The recipient of the Best Student Talk award is Neil Banerjee (BA), who has just finished his undergraduate degree in our department and will be beginning his Ph.D. studies at the Massachusetts Institute of Technology this autumn. The judges' comments were as follows:
In his talk ["Of monsters and modals"], Banerjee focused on distributional differences between epistemic possibility and necessity modals in English and Kinyarwanda (with regard to temporal shift and modal base's shift from the speaker to another individual). He argued that epistemic modals involve a context-index split, proposing that under attitude verbs the context is overwritten with an index (due to a 'monstrous' operator selected by an attitude verb). His proposal predicts that, cross-linguistically, modals are expected to behave differently in matrix clauses, under attitude verbs and in the consequent of a counterfactual conditional. The judges emphasized Banerjee's strong command of complex theoretical ideas, his effectiveness in linking the data to the formal tools used in his analysis, and the ease in how he handled the question-and-answer period. The judges were also impressed by the breadth of his analysis, which sets the ground for further study of epistemic modals in a cross-linguistic perspective.

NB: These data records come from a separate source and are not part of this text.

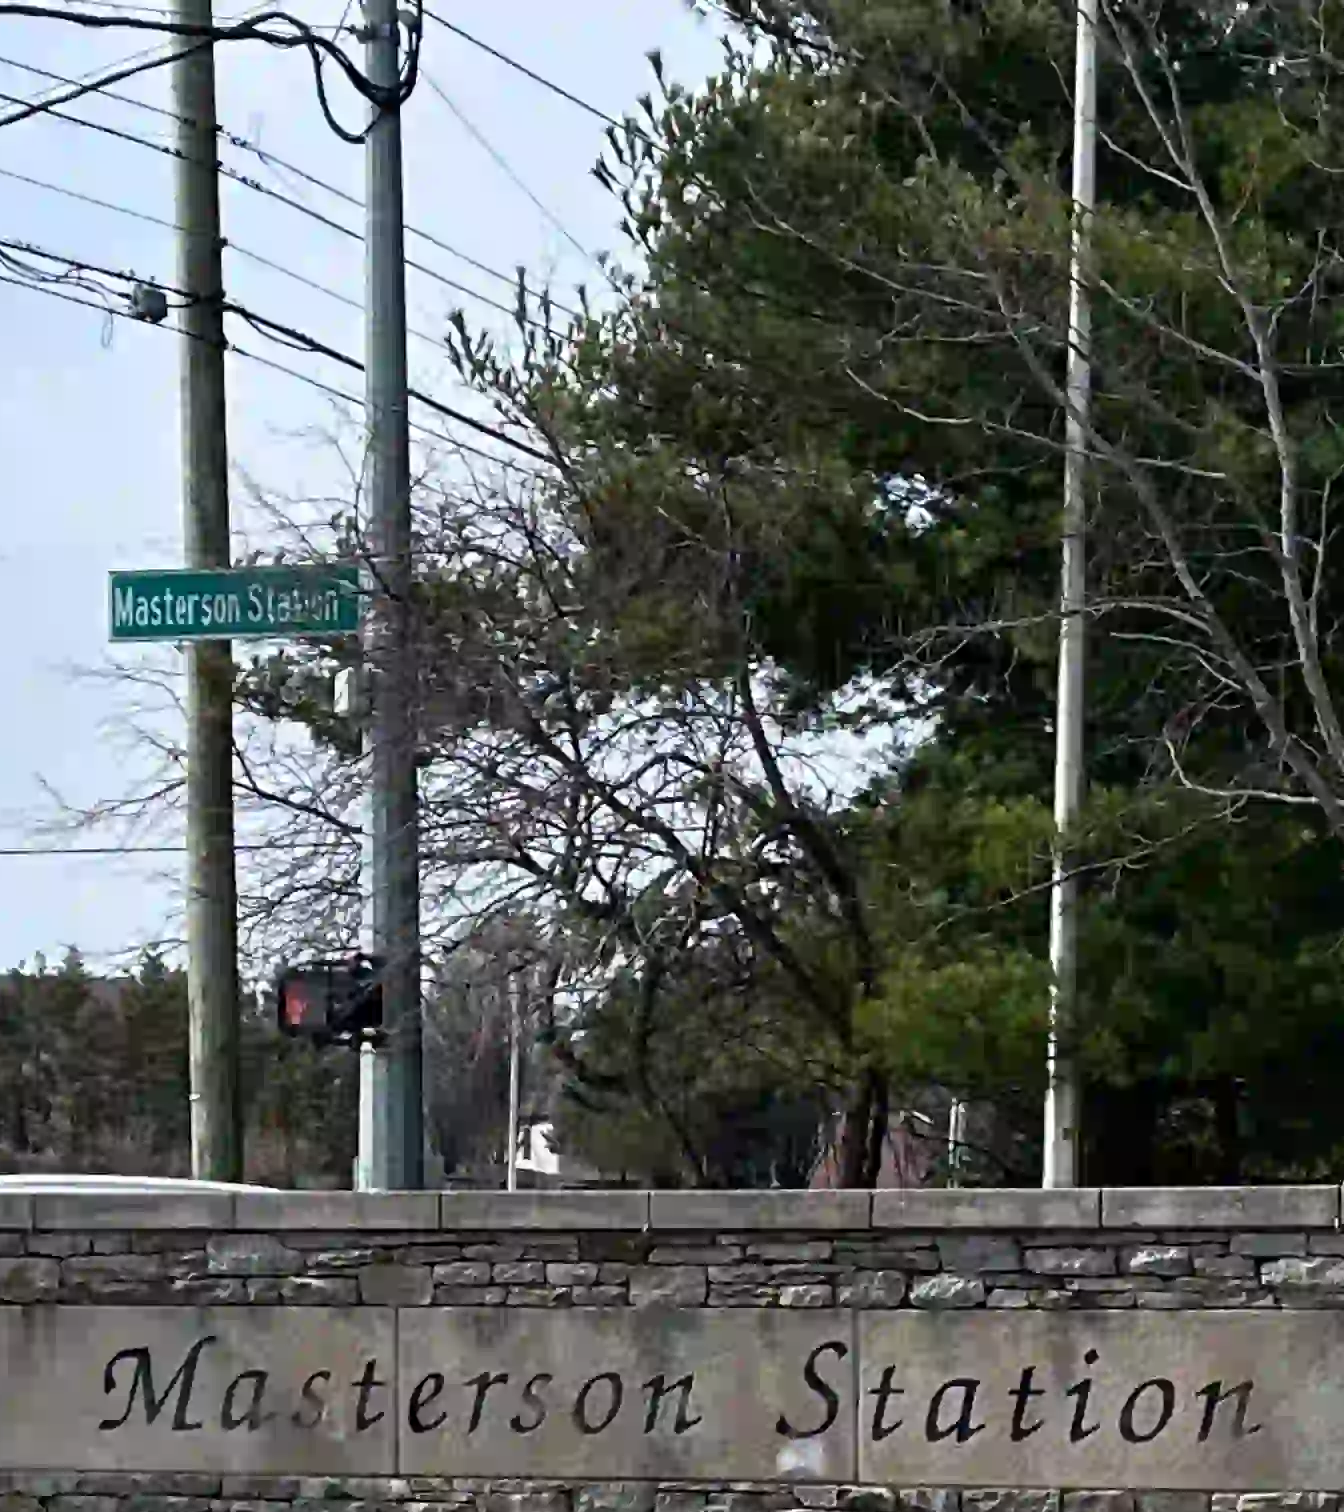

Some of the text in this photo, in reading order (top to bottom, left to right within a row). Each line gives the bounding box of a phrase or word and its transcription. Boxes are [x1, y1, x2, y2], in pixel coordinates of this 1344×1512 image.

[114, 585, 240, 627] Masterson
[98, 1334, 1262, 1444] Masterson Station
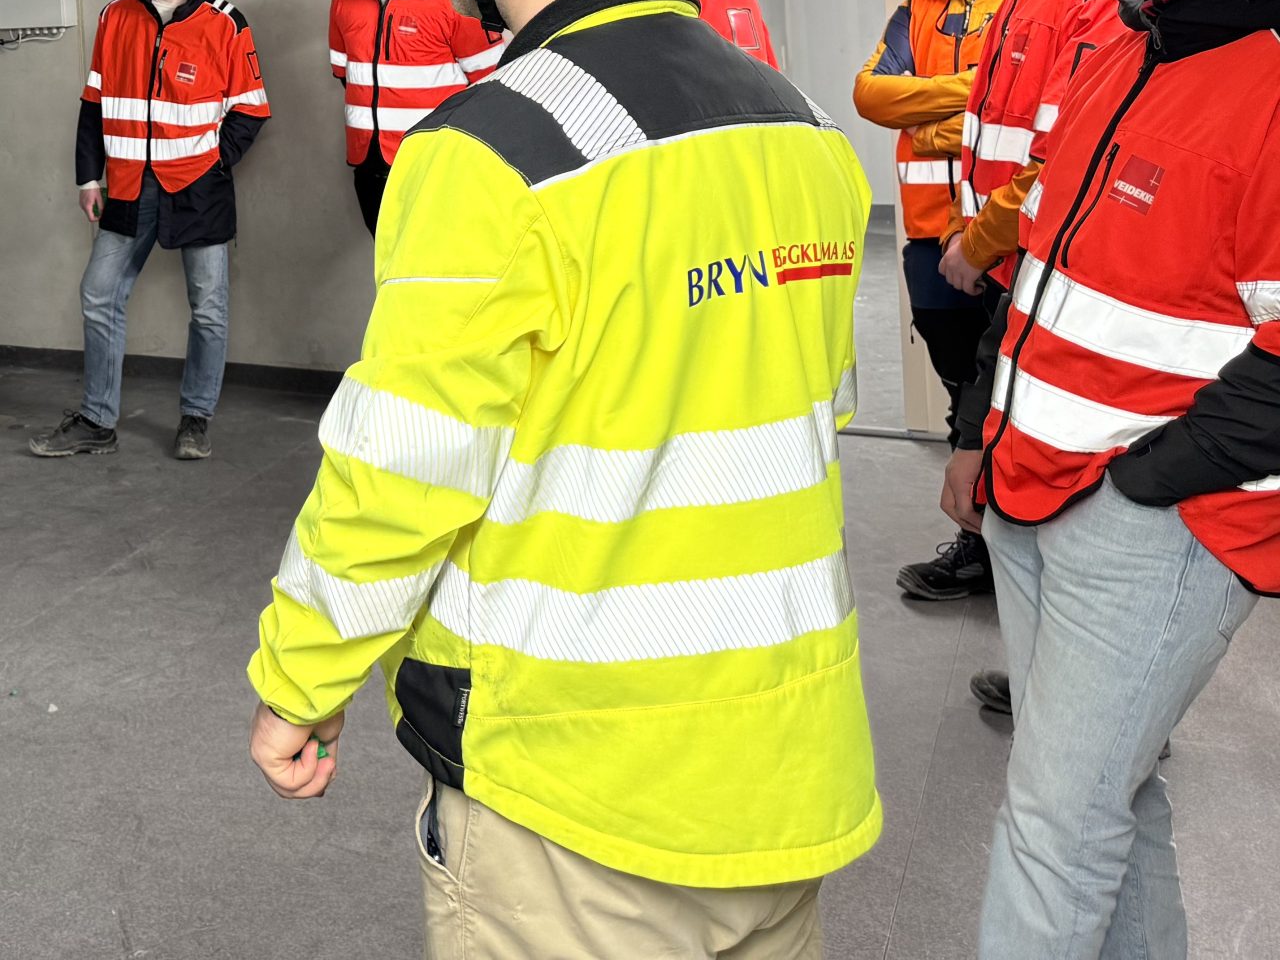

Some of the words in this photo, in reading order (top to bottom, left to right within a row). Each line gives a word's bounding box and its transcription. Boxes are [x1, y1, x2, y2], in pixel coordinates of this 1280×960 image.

[1113, 178, 1155, 205] VEIDEKKE
[687, 250, 769, 308] BRYN
[841, 240, 856, 261] AS
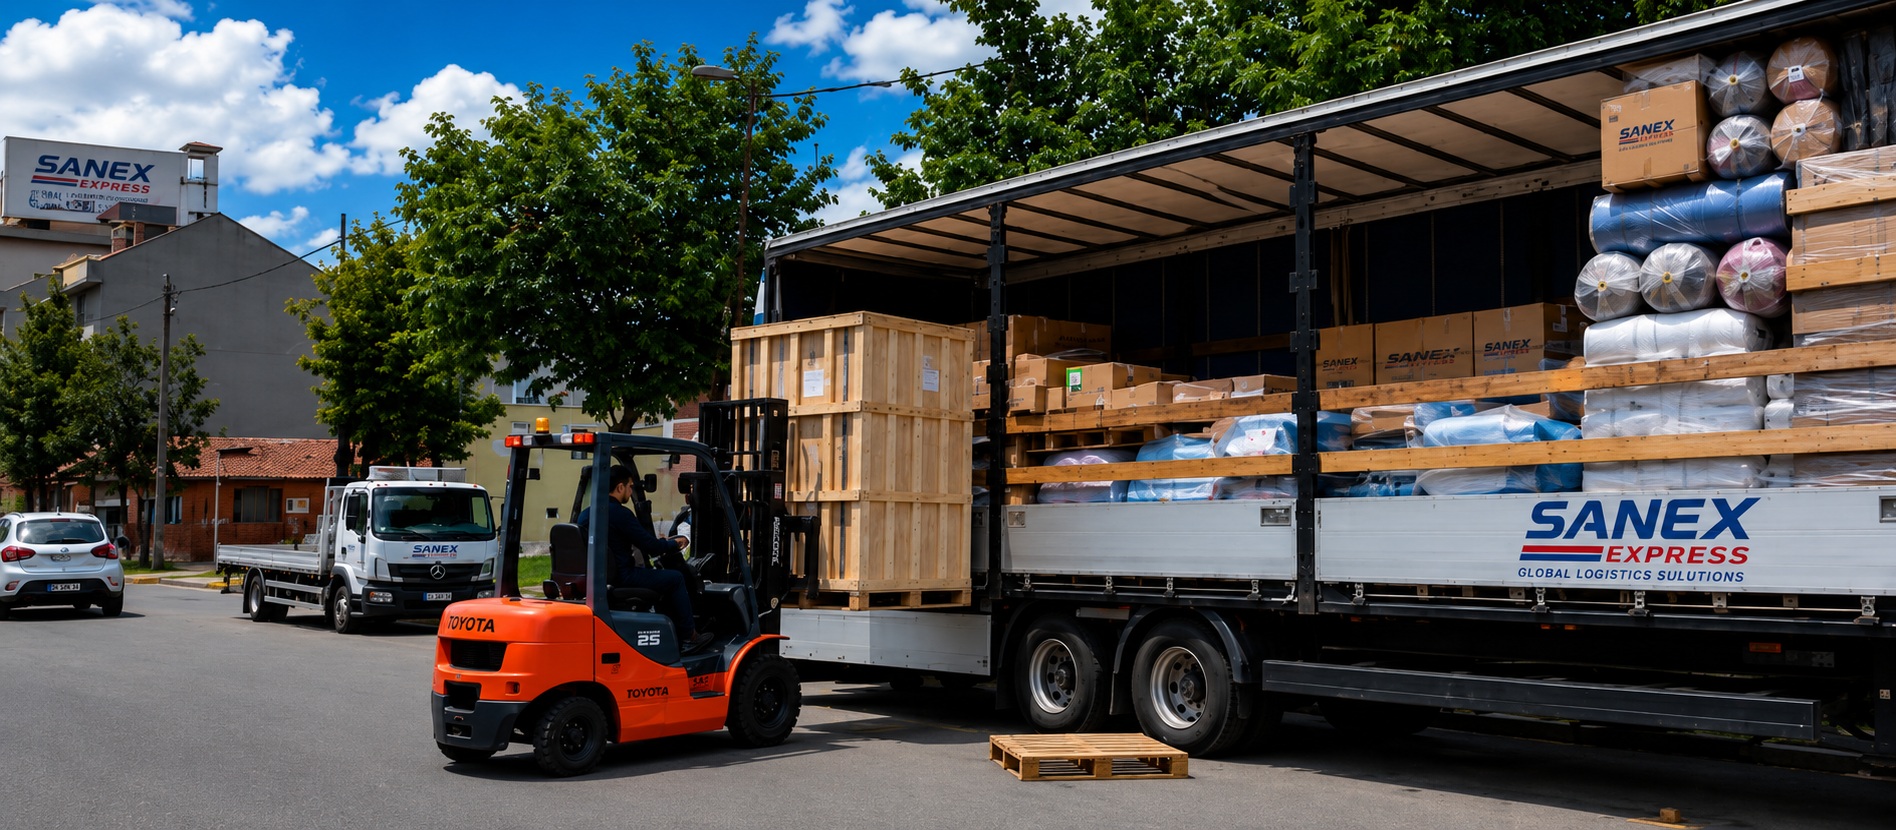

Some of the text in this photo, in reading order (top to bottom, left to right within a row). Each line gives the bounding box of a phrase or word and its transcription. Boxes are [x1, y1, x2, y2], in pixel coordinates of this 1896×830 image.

[1619, 119, 1675, 140] SANEX
[35, 154, 155, 183] SANEX
[79, 180, 151, 194] EXPRESS
[1484, 338, 1531, 352] SANEX
[1322, 357, 1358, 368] SANEX
[1525, 497, 1761, 540] SANEX
[412, 545, 459, 554] SANEX
[1605, 545, 1750, 565] EXPRESS
[1518, 567, 1745, 583] GLOBAL LOGISTICS SULUTIONS
[448, 615, 495, 633] TOYOTA
[637, 634, 660, 646] 25
[627, 686, 669, 699] TOYOTA
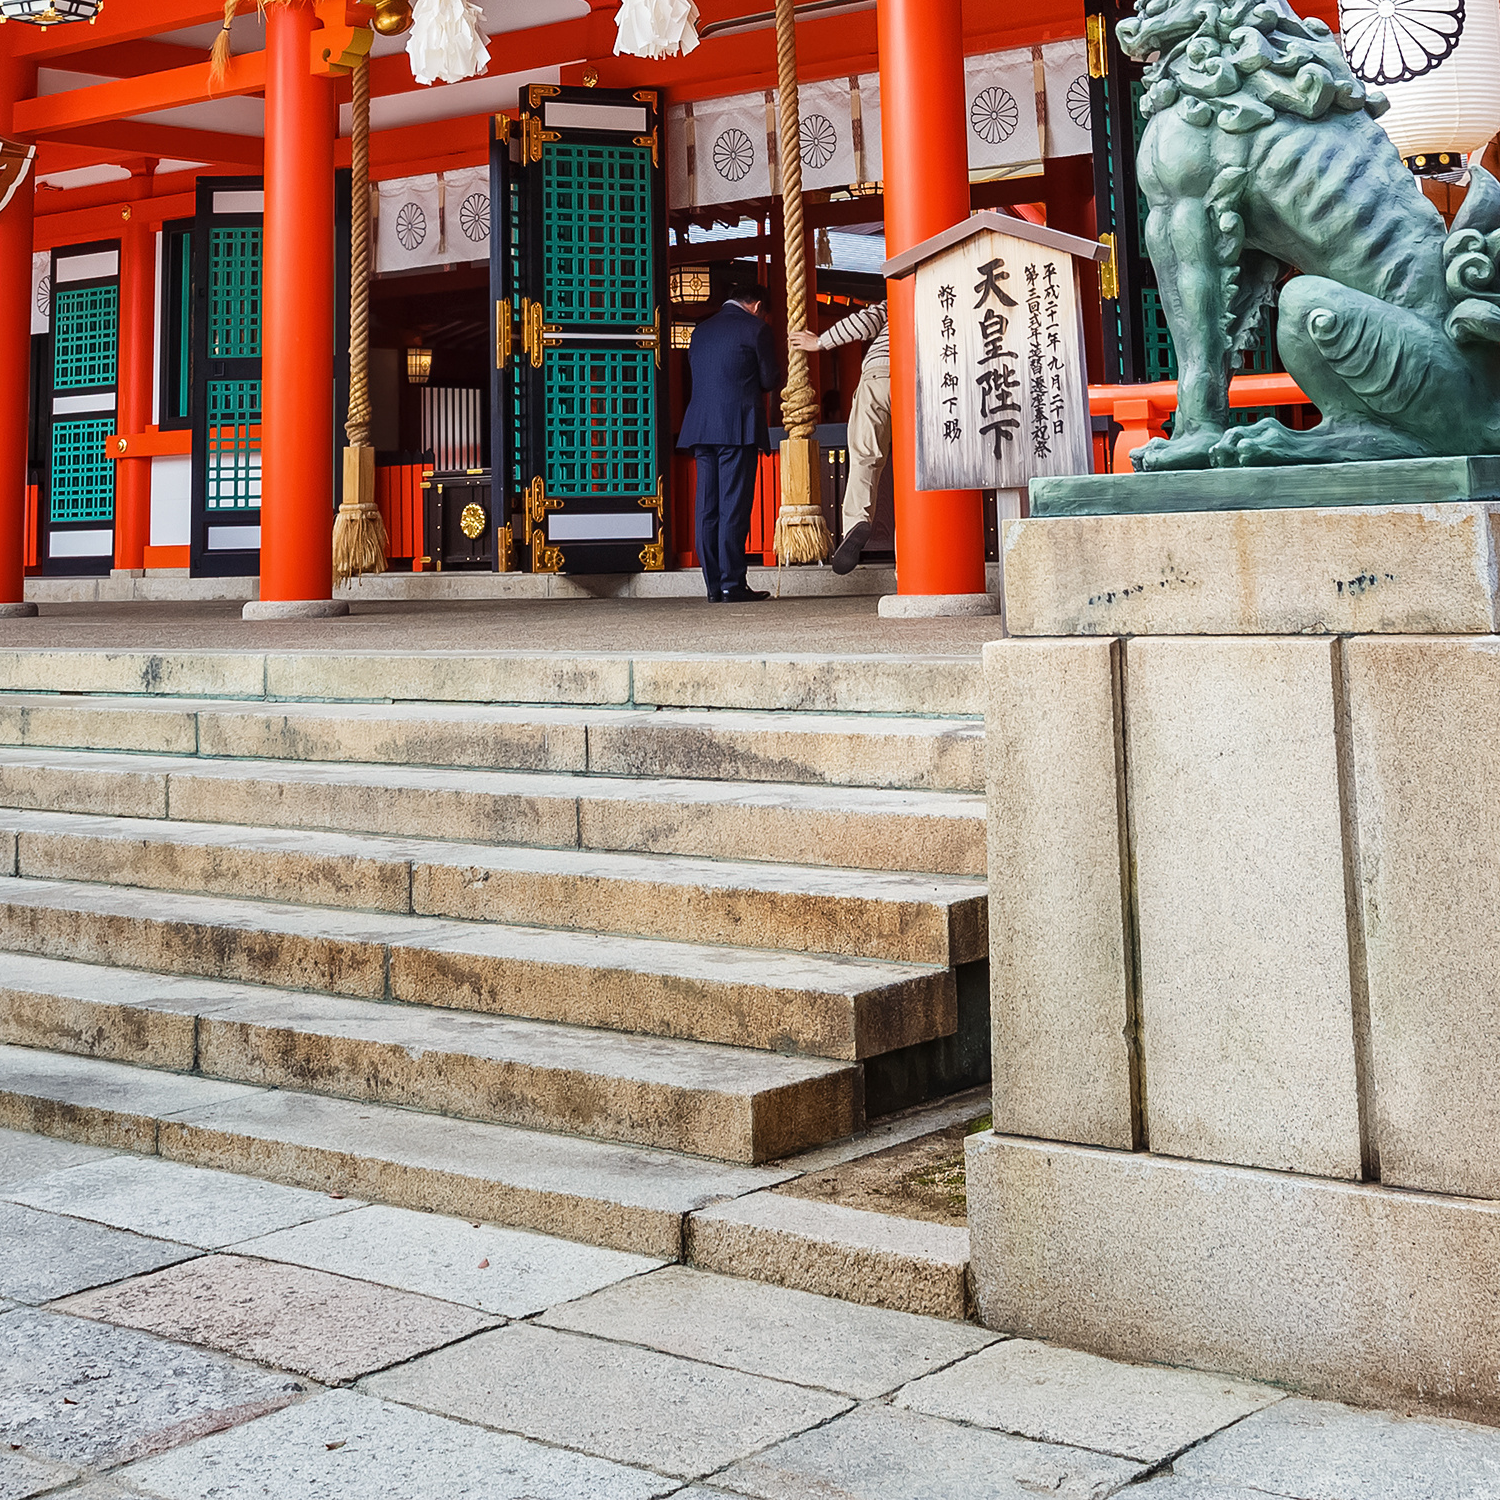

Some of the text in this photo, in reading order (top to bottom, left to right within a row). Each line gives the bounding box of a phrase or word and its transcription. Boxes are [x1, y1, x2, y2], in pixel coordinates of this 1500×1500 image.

The Best Student Poster award has gone to Spanish and Portuguese Ph.D. student Malina Radu:
Radu’s poster ["Conditioned variability in the realization of Romanian rhotics"] presented a phonetic analysis of Romanian rhotics, with the aim of identifying possible sources of their variability (word-internal position, register and word type). On the basis of results from two production tasks with 10 native speakers of Romanian, Radu observed different realizations of rhotics extending beyond those previously attested, namely tap and trill variants. The judges unanimously noted that she was extremely comfortable talking about the motivation and implications of her analysis, even if this information was not on the poster. In fact, Radu’s research is part of a larger project that examines the acquisition of Spanish by Romanian speakers and the realization of rhotics in both languages. She very clearly had a sense of this larger research program and of how her poster presentation fits in. Finally, she was open to suggestions and ideas, and she was able to answer questions that went beyond what was shown on the poster.
Congratulations to both for their outstanding work!